Value investors could take an active or mostly-passive approach. An active approach will involve picking both small and large-cap stocks to create a basket of individual companies. A more passive approach for the individual would look like an equity mutual fund with a ‘factor’ tilt towards value companies.
Your ability to trade small-cap stocks, particularly those listed on international stock markets should not be taken for granted. If you have a clear idea of which companies you’d like to buy before you open a brokerage account, try looking up the security on the brokerage website in advance to check whether it’s a tradeable asset to avoid potential disappointment.
Our comparison of UK stockbrokers shows that the platforms with the widest market choice are interactive investor (40,000+ stocks), AJ Bell (est. 20,000+), and Hargreaves Lansdown (est. 20,000+) which will feel like a limitless choice.
Commission-free trading apps like eToro, Trading212, FreeTrade and Dodl tend to offer fewer tradeable assets, to increase efficiency and keep overheads low. However, our favourite broker eToro still offers a range of 3,117 stocks, which should still be enough to keep an active value investor happy.
Now for the good part. If you’re a truly frugal investor, you’ll want to be certain you’re choosing the broker that will charge you the least, as every investing cost is effectively an investment loss. The fewer fees you’ll sustain, the higher the value of your portfolio, all else being equal.
Let’s start with general account fees. These are also called platform fees, admin fees or service fees. Its name may differ but what is consistent is how difficult it is to minimise this fee once you join a platform as it is often a flat fee or based on the value of your assets. For this reason, joining a broker with a low fee in the first place is the only way to guarantee good value.
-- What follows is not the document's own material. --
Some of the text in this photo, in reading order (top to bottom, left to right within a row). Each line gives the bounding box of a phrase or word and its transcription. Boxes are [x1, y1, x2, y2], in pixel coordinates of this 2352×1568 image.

eToro, our 2023 Stockbroker of the year award winner, does not charge a general account fee. Whether you trade, or don’t trade, eToro won’t charge a monthly, quarterly or annual charge just for having an active account with them.
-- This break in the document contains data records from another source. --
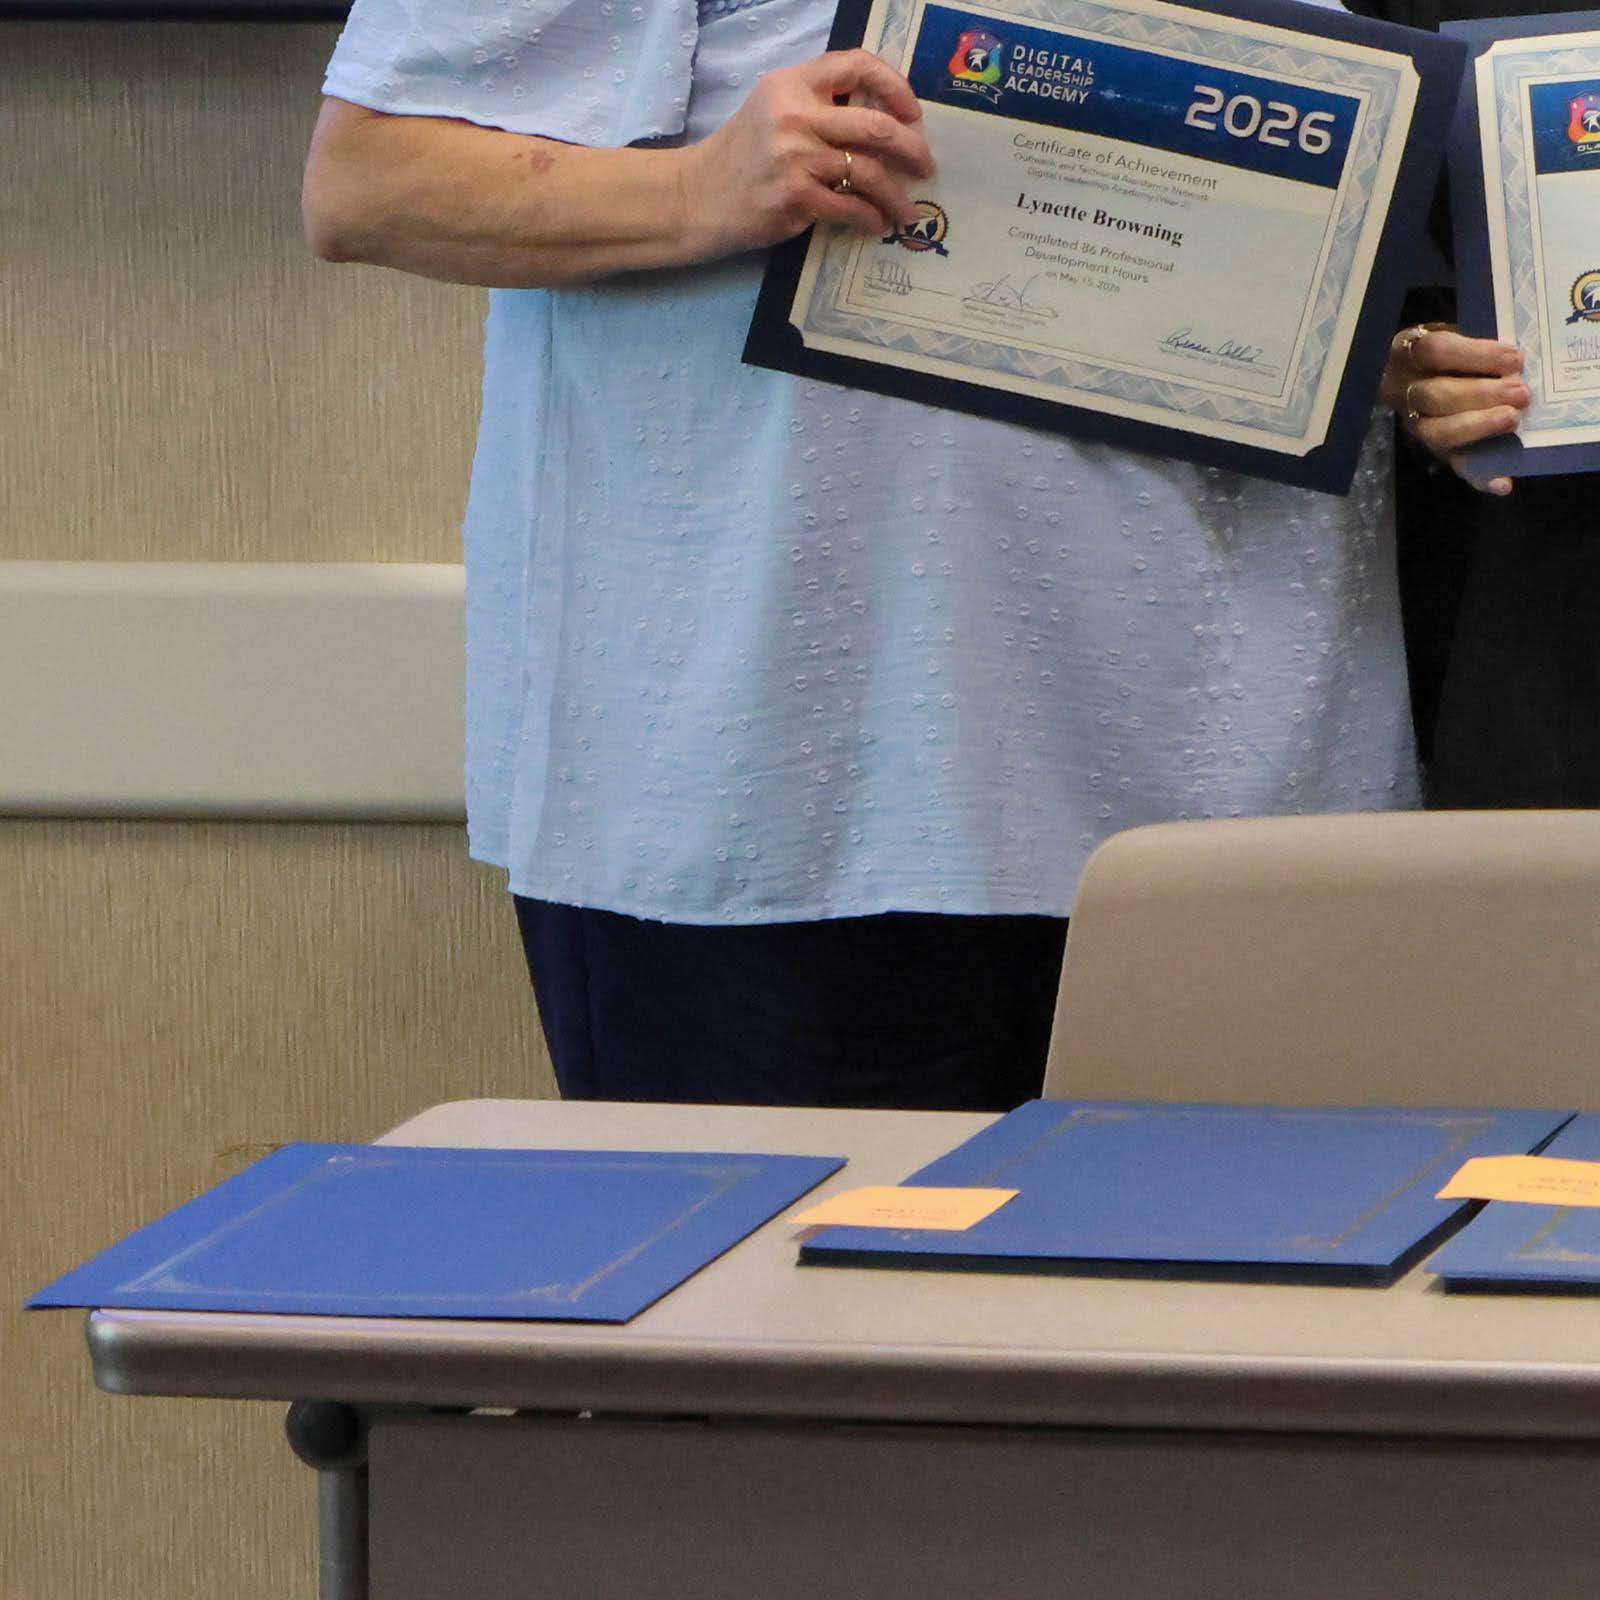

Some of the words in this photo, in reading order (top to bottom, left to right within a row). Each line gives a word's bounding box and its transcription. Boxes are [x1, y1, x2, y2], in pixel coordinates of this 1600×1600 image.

[1010, 62, 1094, 87] LEADERSHIP
[1013, 45, 1094, 75] DIGITAL
[1004, 76, 1089, 104] ACADEMY
[1185, 85, 1335, 154] 2026
[1013, 133, 1092, 160] Certificate
[1095, 152, 1114, 164] of
[1115, 155, 1218, 189] Achievement
[1017, 193, 1088, 221] Lynette
[1093, 209, 1185, 248] Browning
[1008, 226, 1079, 251] Completed
[1082, 242, 1096, 255] 86
[1100, 247, 1175, 273] Professional
[1025, 247, 1109, 274] Development
[1113, 267, 1149, 283] Hours
[1060, 273, 1079, 284] May
This makes it an ideal match for frugal investors who want to pay the perfect amount – zero.
Naturally, other brokers that charge a fee will be less appealing but if you do go down this route – be sure to calculate and compare the real £ fee you’ll be charged based upon your account value and type of investments.
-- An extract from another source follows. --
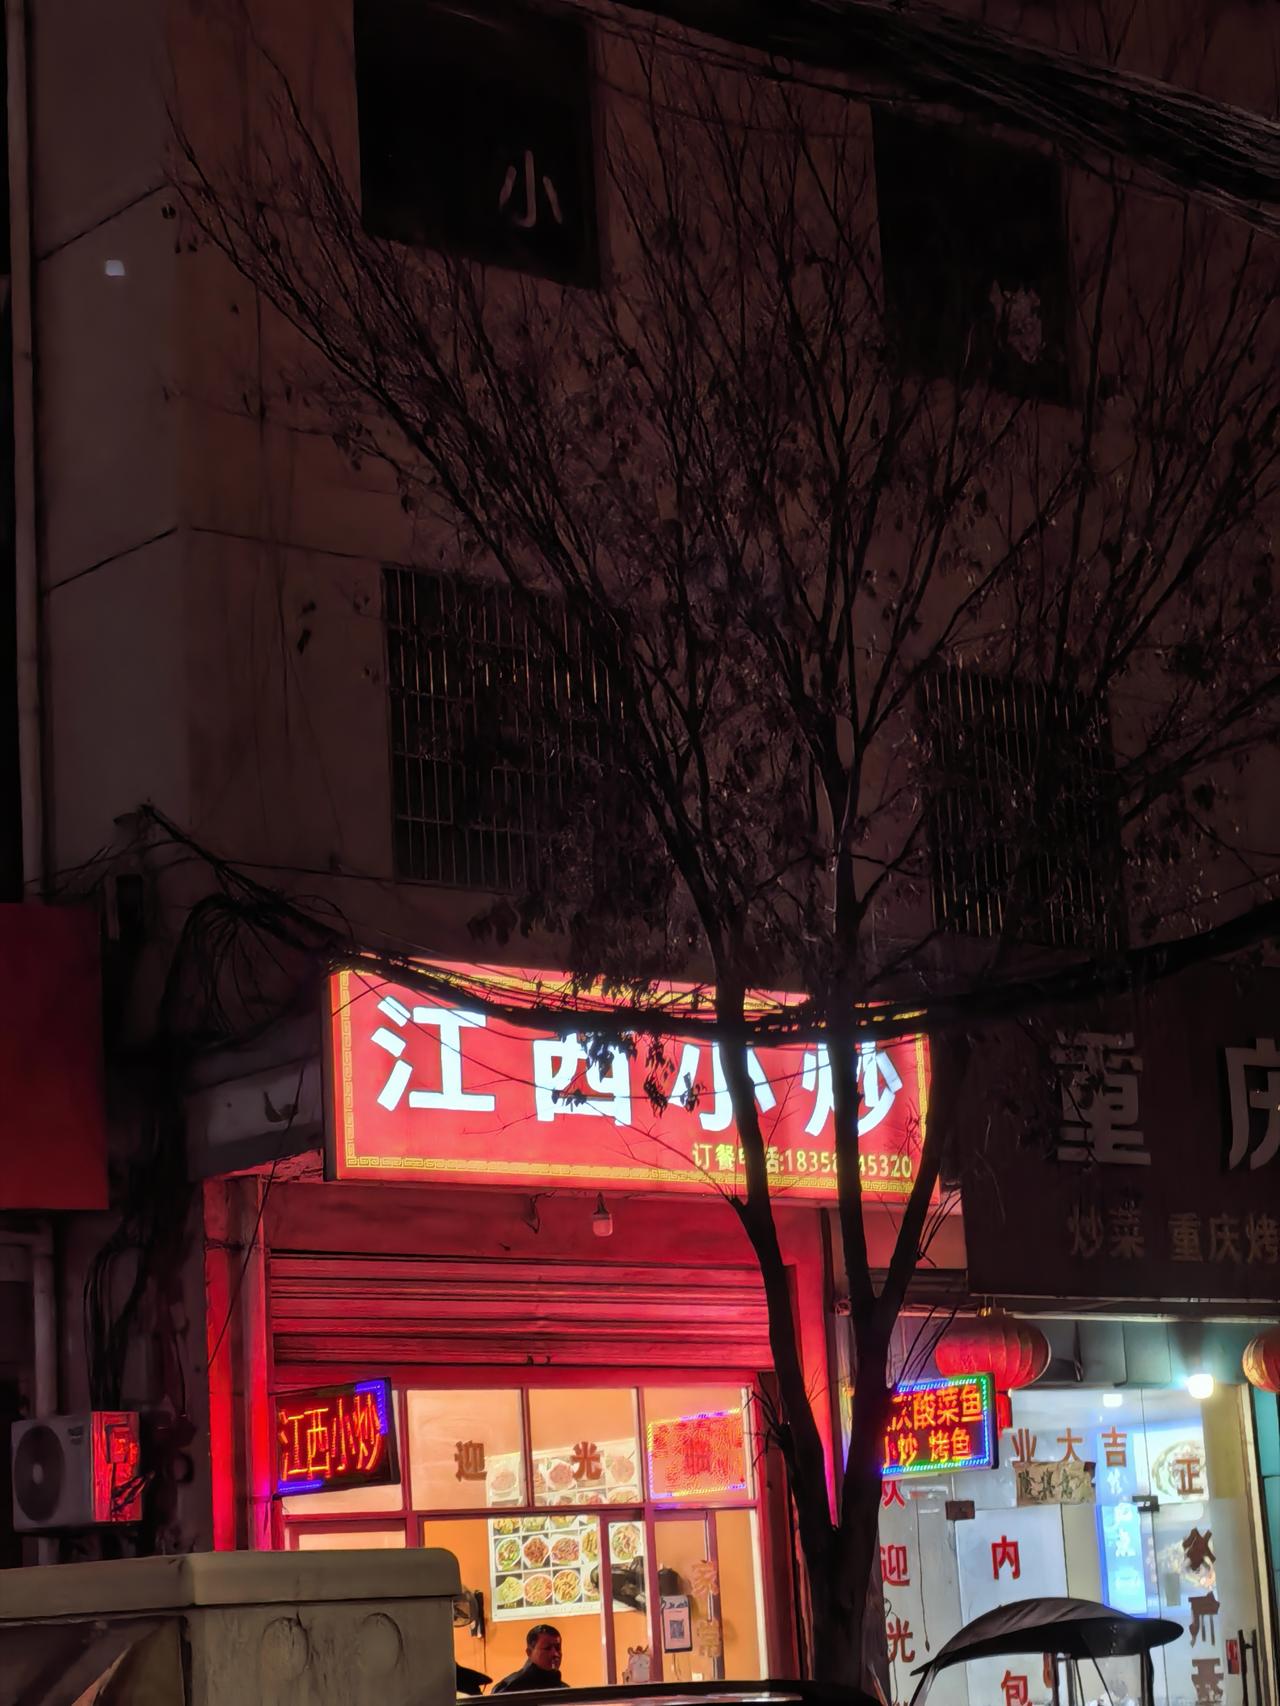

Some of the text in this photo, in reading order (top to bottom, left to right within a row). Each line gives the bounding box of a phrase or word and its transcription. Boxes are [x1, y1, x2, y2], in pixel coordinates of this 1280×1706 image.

[498, 149, 563, 229] 小
[370, 995, 903, 1138] 江西小炒
[279, 1394, 381, 1481] 江西小炒
That’s because some firms charge flat fees, like interactive investor, while others like Hargreaves charge different fees depending on whether you’re holding individual shares or funds. So comparing the headline % or £ charges at a glance might not always yield the most accurate answer for your individual circumstance.
A broker charges a trading commission on each buy or sell order that they execute on your behalf. In the history of the evolution of stockbrokers, commissions were traditionally the main source of income for brokers, and began as high as 5% of the value of a trade.
Luckily for us penny-pinchers, commissions have been the subject of an industry-wide price war, as covered in our stockbroker industry bulletins. This has led to new fintechs offering trading of stocks for zero commissions.
eToro offers zero-commission on stock trades to all UK clients, on its full range of stocks.
In conclusion: the best broker for frugal investing
In conclusion, eToro is the best broker for frugal investing strategies that involve individual stocks, such as value investing and dividend investing. With no general account fee, and no commission on trades, the only costs a frugal investor will incur are foreign exchange costs and the market bid/offer spread, which both cannot be avoided.
For passive frugal investors in favour of funds, eToro won’t be suitable as it does not offer a wider range of mutual funds. Instead you may want to consider Vanguard Personal Investor, which charges an account fee of just 0.15% per year (capped at £375 for accounts worth over £250,000) and offers an impressive range of funds managed in-house at industry-leading ongoing charge rates.